At the time, Silicon Valley executives were holding stocks and options valued at $112 billion -- a few billion dollars more than the GDP of Portugal. Computer-literate job seekers were riding high: “Never before have the unemployed been so cocky. ... E-commerce niches are getting claimed so quickly that there might not be time for business school anymore.” Said one Stanford grad who was enjoying the rush of launching his own dot-com firm: “It’s all about the buzz. I can’t explain it. It’s like magic.”
The “GetRich.com” story was part of long-running media themes. Fourteen months earlier, Time was euphorically insisting that “the real economy exists in the thousands -- even tens of thousands – of sites that together with Yahoo are remaking the face of global commerce.” The nation’s largest-circulation newsmagazine saw general prosperity on the cyber-horizon: “The real promise of all this change is that it will enrich all of us, not just a bunch of kids in Silicon Valley.”

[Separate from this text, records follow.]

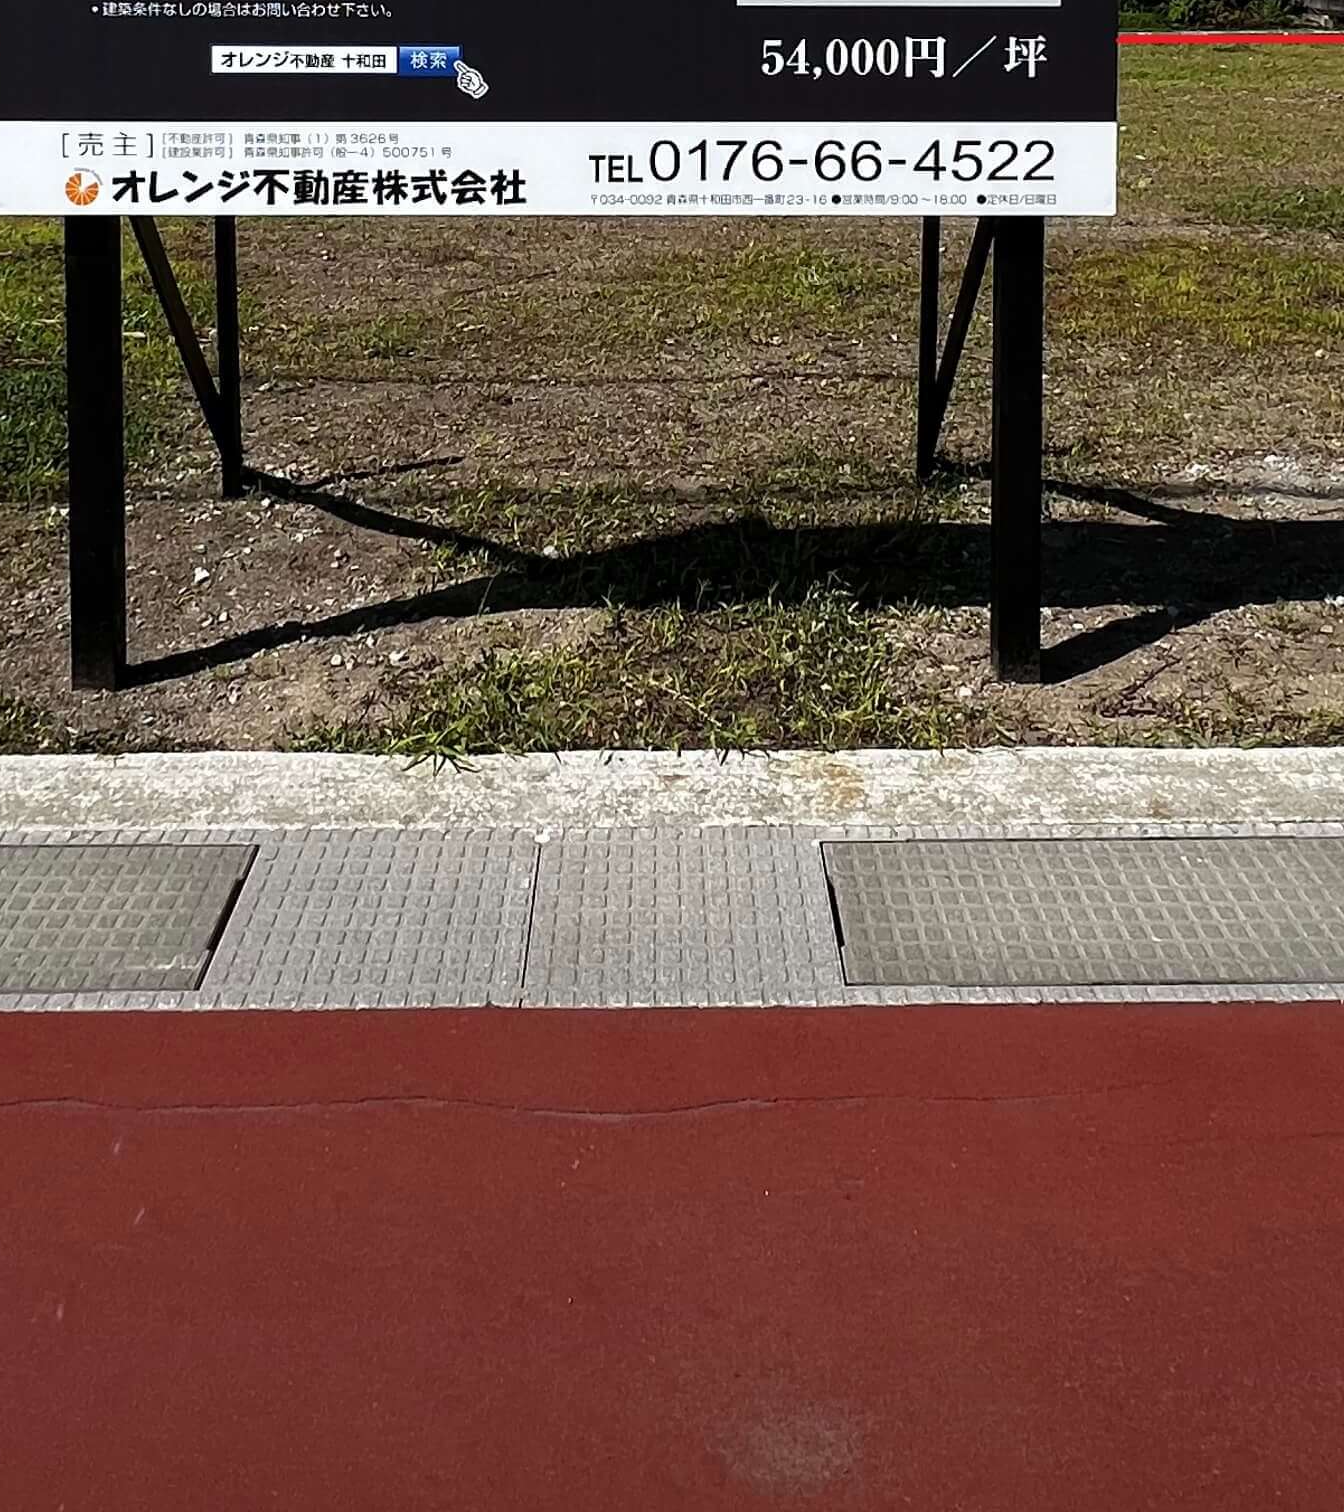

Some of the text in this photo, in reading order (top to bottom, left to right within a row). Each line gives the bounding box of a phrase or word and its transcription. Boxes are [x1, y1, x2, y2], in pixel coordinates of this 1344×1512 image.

[102, 1, 392, 18] 建築条件なしの場合はお問い合わせ下さい。
[221, 51, 386, 69] オレンジ不動産 十和田
[410, 50, 447, 70] 検索
[589, 140, 1054, 182] TEL 0176-66-4522
[113, 170, 526, 205] オレンジ不動産株式会社
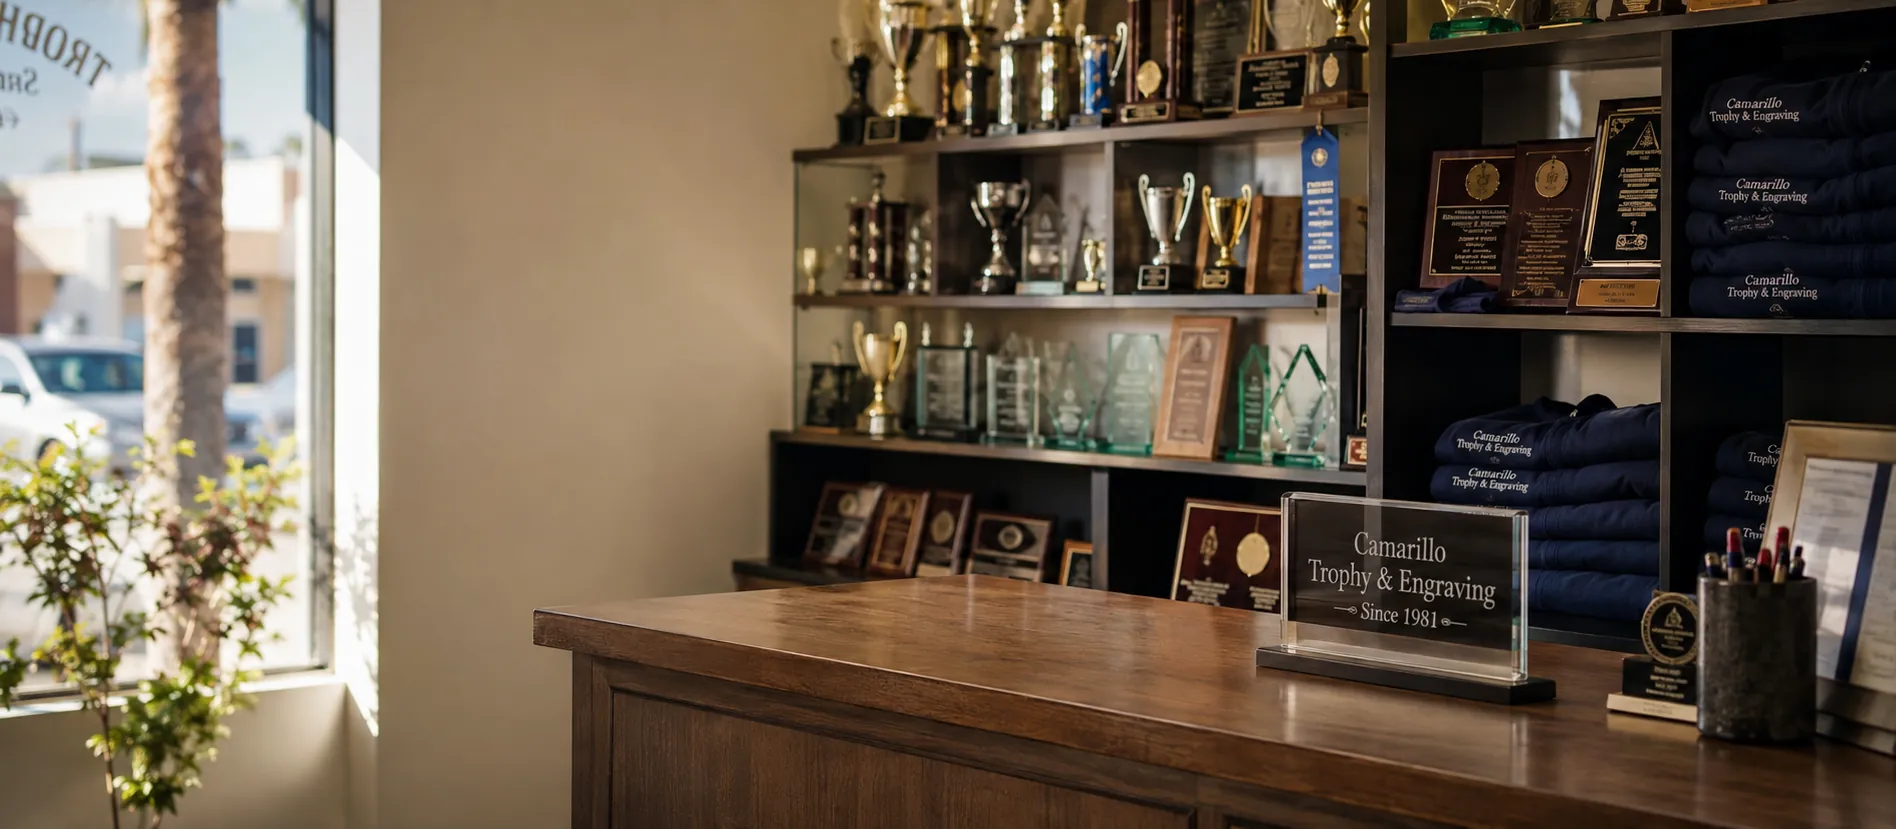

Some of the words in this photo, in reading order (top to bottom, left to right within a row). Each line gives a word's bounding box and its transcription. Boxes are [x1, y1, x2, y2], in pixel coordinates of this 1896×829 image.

While Time and other media outlets were simply reporting on the dot-com phenomenon, they were also hyping the phenom -- glorifying it and egging it on. They did so repeatedly during the last few years of the 20th century.
That coverage makes for sad reading now. But, truly, it was just as sad then. The hollowness of monetary dreams is scarcely mitigated when they are being fulfilled. Half a century ago, sociologist C. Wright Mills warned of “a creeping indifference and a silent hollowing out.” In the United States, he observed, “money is the one unambiguous criterion of success” -- and behind the obvious fact that people “want money” lurked the more unsettling reality that “their very standards are pecuniary.”
Such monetarily fixated standards are so widespread that they often permeate discussions of life and death. In mid-September, when Colin Powell strained to justify Washington’s refusal to let go of the occupation of Iraq, he used the language of a venture capitalist: “Since the United States and its coalition partners have invested a great deal of political capital, as well as financial resources, as well as the lives of our men and women ... we can’t be expected to suddenly just step aside.”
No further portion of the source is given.